Un vortice, un incrocio
Sussurro nel tuo orecchio
Sussulto nel tuo letto

Io di questo mi cibo
Del piacere fino a svenire
Trema tutto pure l’anima
Tu chi sia non lo so,
Chi sarai lo saprò
Ciò che conta è l’unirsi
Ma mai pentirsi.

Ilop

È un soffio
Sussurra
È dentro di me
Grida
Sale. Scende. Lento
E urla
Si muove. Lento
Mi guarda
Mi afferra
Inteso, arriva
È un’esplosione
È piacere
È vita
E io sono carne
Brucio
Respiro
Vivo

È un soffio
Un istante
Adesso non grida
Tace
È fermo.
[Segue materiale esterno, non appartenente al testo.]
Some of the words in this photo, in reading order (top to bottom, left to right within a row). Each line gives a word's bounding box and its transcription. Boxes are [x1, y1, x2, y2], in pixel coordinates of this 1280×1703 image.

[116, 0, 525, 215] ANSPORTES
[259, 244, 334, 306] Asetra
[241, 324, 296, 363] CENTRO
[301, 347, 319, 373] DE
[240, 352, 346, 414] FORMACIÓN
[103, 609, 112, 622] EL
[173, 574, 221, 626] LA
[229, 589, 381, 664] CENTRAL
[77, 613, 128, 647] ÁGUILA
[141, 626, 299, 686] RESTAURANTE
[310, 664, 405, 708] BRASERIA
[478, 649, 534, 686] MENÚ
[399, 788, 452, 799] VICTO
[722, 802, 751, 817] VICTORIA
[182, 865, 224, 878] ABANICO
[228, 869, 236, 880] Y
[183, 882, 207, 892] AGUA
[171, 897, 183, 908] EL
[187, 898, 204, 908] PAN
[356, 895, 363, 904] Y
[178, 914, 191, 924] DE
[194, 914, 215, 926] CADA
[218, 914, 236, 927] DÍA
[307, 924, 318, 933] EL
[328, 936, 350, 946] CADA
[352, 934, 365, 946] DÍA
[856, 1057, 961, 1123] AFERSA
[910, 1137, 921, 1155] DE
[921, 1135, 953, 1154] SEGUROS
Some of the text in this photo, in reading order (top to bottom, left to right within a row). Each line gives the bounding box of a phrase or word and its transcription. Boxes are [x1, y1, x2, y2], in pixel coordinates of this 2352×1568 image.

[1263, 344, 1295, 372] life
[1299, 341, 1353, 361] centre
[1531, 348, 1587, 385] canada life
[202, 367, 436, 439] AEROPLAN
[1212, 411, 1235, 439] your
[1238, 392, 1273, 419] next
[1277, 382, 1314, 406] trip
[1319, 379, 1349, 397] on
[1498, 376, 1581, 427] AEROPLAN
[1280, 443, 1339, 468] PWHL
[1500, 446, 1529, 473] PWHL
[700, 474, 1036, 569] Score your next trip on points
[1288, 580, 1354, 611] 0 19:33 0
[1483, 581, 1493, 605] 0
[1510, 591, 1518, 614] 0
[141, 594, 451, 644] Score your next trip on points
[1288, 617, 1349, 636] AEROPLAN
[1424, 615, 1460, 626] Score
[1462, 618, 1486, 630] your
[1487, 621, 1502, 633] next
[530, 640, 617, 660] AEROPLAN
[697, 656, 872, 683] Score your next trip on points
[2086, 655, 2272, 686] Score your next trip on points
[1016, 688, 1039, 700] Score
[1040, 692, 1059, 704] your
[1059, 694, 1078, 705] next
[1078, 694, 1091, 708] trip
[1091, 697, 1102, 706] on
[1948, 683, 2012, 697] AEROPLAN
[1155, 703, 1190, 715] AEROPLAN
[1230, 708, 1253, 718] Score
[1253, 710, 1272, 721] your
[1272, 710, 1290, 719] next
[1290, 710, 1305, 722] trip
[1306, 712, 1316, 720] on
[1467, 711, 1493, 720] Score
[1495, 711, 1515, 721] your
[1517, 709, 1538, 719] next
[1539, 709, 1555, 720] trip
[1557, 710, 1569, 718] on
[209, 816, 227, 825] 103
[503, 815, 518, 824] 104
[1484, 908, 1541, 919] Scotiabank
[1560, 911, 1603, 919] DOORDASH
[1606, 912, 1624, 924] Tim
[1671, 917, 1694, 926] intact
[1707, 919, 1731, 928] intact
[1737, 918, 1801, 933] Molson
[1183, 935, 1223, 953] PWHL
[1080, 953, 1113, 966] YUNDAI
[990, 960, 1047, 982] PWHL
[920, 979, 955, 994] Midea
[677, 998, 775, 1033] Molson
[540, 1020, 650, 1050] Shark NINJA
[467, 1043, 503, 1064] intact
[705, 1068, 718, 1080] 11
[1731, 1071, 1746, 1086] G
Immobile
Mi ha spenta
Sono cenere
E sto bene.

Noemi

Goccia a goccia

Scende una goccia
inonda come un fiume
tessuti circostanti,
Scivola.

Un’altra goccia
ed io, consapevole,
mi lascio trasportare
in questo fiume di piacere.
Lussuria. Ingordigia.
In questo crescendo io mi perdo
e mi abbandono.

Lacrime di gioia, di tristezza, di insoddisfazione.

Amami ancora.

Le ali tarpate

_Ode alla masturbazione_

Quando ti chiedi “perché?”, “chissà?”
Ma poi male non fa:
Agguanta l’amicone nel comodino
Lasciati andare, non è così piccino!
Lo prendi e lo rigiri
Lo muovi e lo ammiri.
Ti piace sentirlo addosso,
Ma ancor più quand’è scosso.
Lo accendi e comincia a vibrare
E tu più non lo vorresti mollare.
Vibra tutto, fuori e dentro
Ed ecco, hai fatto centro!
Nessuno alla porta ha suonato,
Ma tu gridi “Sto venendo” manco fossi Diodato.
Poi tutto si ferma e tace,
Anche nel caminetto si è spenta la brace.
Nella mano un amico tutto bagnato
E tu, beata, sorridi: il mondo è colorato.

evakant

Ooooh!

Forse gli aghi di pino sul sentiero
o gli uccelli nascosti sui rami,
il microcosmo nel sottobosco
l’acqua sotto il ponticello.
Forse anche i carabinieri nella caserma
del Centro Visitatori Monaco
avranno sentito quel grido levarsi
a un chilometro di distanza
e forse espandendosi avrà raggiunto
le orecchie della gente più a valle
dai Villaggi Mancuso, Racise e Buturo
a Taverna ad Albi a San Giovanni.
Forse tutti avranno sentito
la sua voce spargere vita
in un crescendo ansimante
e riempire il silenzio naturale.
Io l’ho sentito bagnarmi le dita
mordermi i lobi, lavarmi le labbra.

Dioniso

È da più di un anno che ci desideriamo senza poterci sfiorare, 1200 km sono tanti…la notizia che i tuoi affari ti portavano da me, non mi faceva stare nella pelle.
Le nostre menti erano sature dei film che ci eravamo fatti, sapevamo benissimo che poteva essere un flop o poteva andare bene. Arrivai sotto la pioggia…avevo davanti un dio in carne e ossa…io che avevo avuto solo noie dalla vita, ora avevo davanti te, sapevo che non ci sarebbe stato futuro. Ma mi piacevi troppo per rinunciarci.
L’eccitazione era alle stelle, mi sentivo una belva affamata. Ci siamo disfatti dei vestiti e senza rendercene conto eravamo avvinghiati. Ti accolgo con molto piacere, sei dentro di me, il mio corpo è tuo è un mi dono, ti muovi ritmicamente, sento delle scosse, mi piace, ne voglio ancora e fino in fondo, ancora…e ancora,sento il calore del tuo seme, sento i brividi di piacere anche io.